21-02-2025
Tennessee's priorities are off when tax refunds prevail over feeding children
What kind of state is Tennessee that it approves $1.5 billion in corporate tax refunds but won't accept a $75 million federal grant to feed hungry children?
Yes, these are two separate issues, but they speak to Tennessee's priorities and in both cases reveal a lack of transparency in explaining how decisionmakers made these choices.
Let's start with the franchise tax refunds.
The Tennessee General Assembly passed this program in 2024 because some state officials and lawmakers said the state potentially could face legal challenges. But no one had sued and no one would explain who exactly was making this claim.
As of late December, $1.28 billion had been returned to businesses and 53% of that is going to companies out of state. There were about 100,000 businesses deemed eligible for the refund.
In the summer, the list of recipients will be made public temporarily. Why can't that list be made permanently available?
Gov. Bill Lee came into office in 2019 with a promise of transparency, but there is far more mystery to this decision. Citizens would benefit from knowing why the state needed this policy in the first place and who benefits.

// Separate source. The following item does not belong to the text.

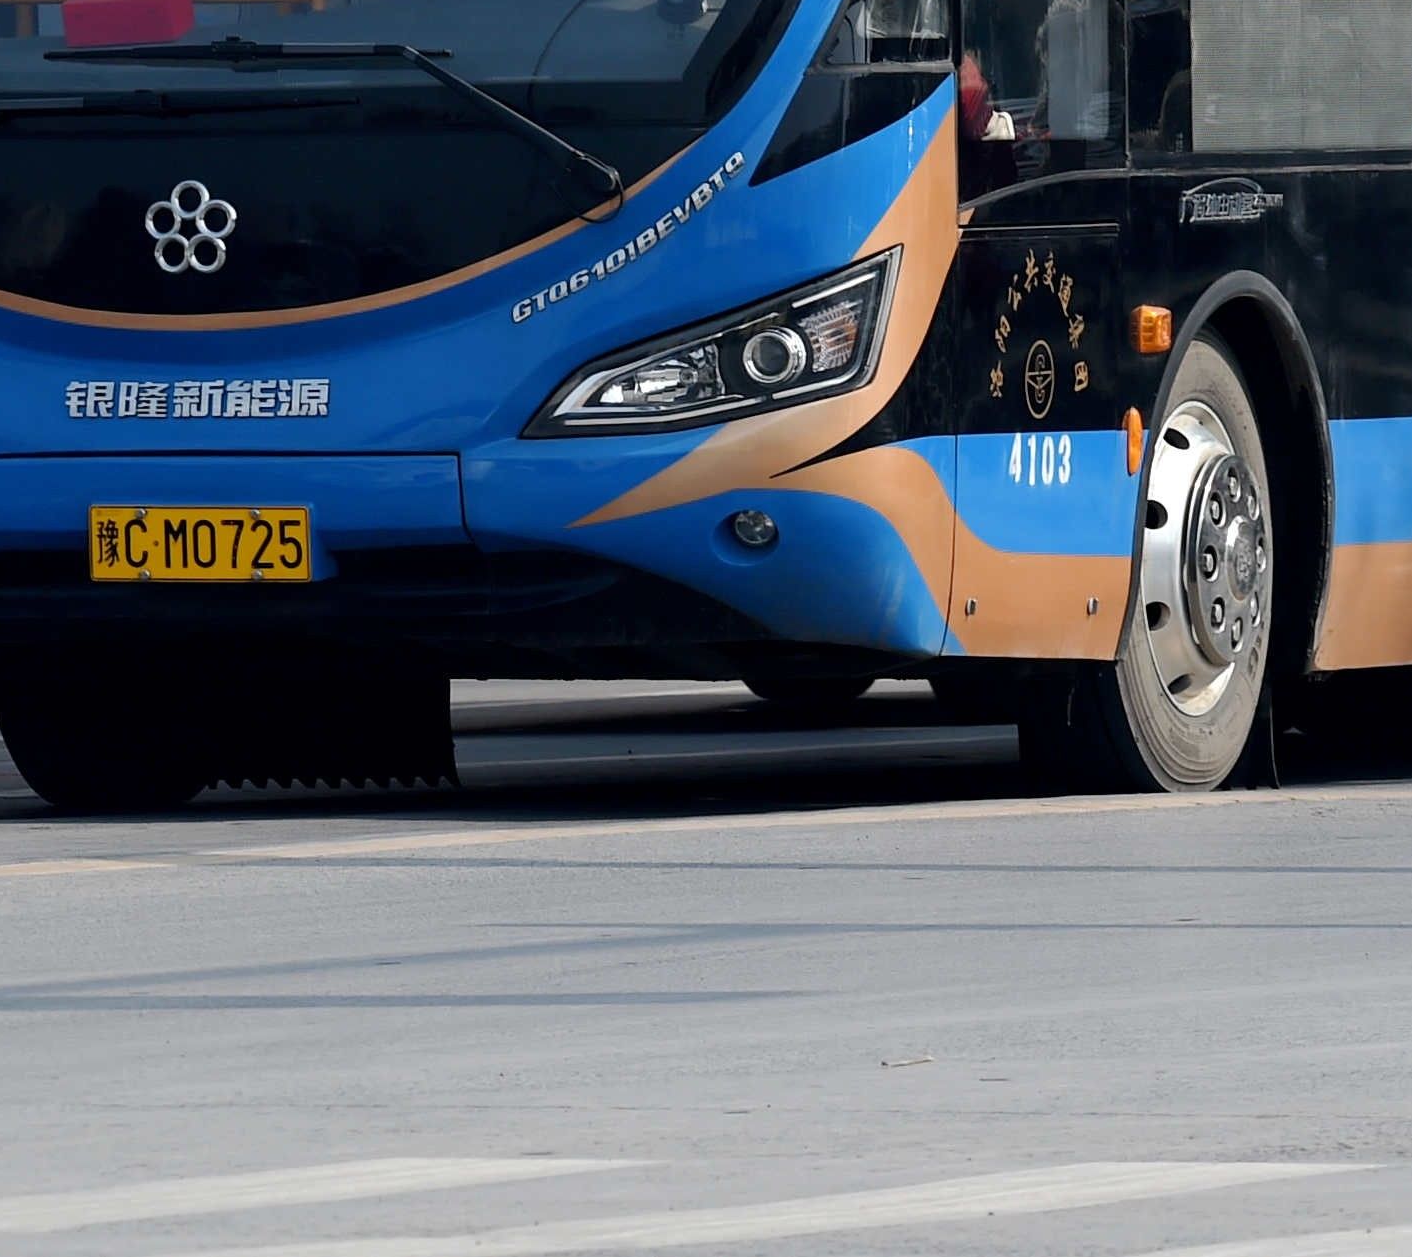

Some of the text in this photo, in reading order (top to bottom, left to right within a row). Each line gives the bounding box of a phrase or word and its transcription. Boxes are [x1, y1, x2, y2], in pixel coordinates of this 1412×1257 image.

[64, 378, 331, 419] 银隆新能源
[1008, 432, 1072, 487] 4103
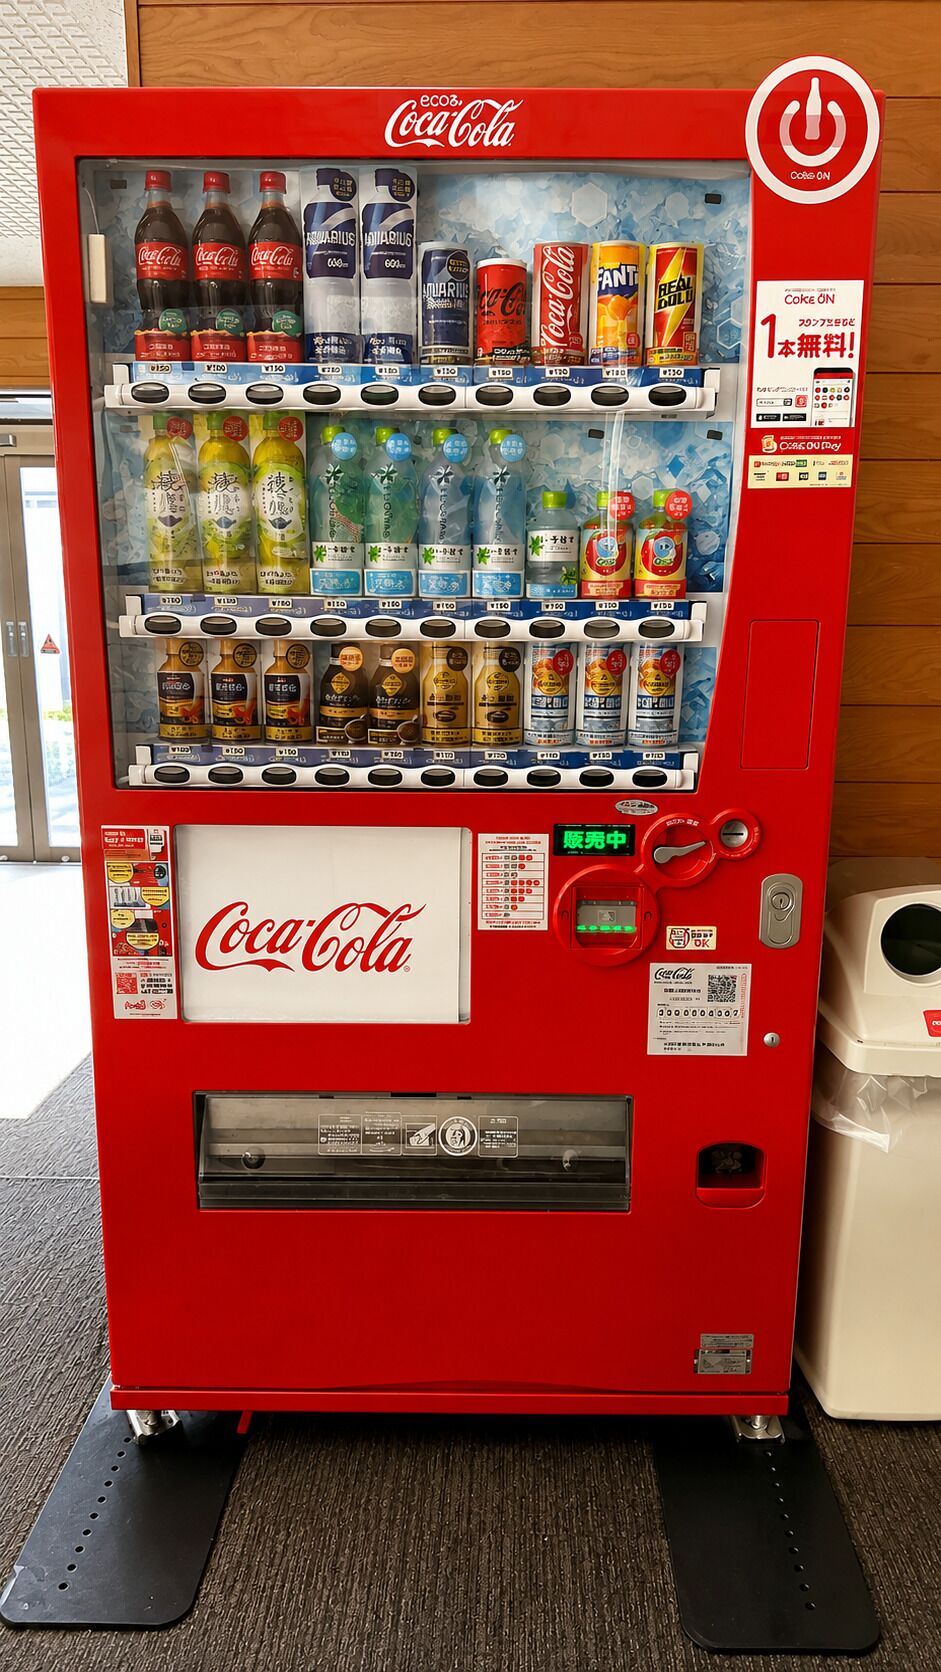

On the second issue, Lee's administration recently rejected a $75 million grant from the federal government to supplement food assistance low-income children receive when they are out of school.
The state's annual administrative costs were $5 million.
However, instead of spending that money to receive $75 million, the Tennessee Department of Human Services will invest $3 million in a summer food program that benefits only 15 rural counties. There are 95 counties in Tennessee.
DHS will go from serving 700,000 children to 25,000 – about 4% of the number that had benefited from the federal program in past years. Tennessee began participating in the federal program in 2018.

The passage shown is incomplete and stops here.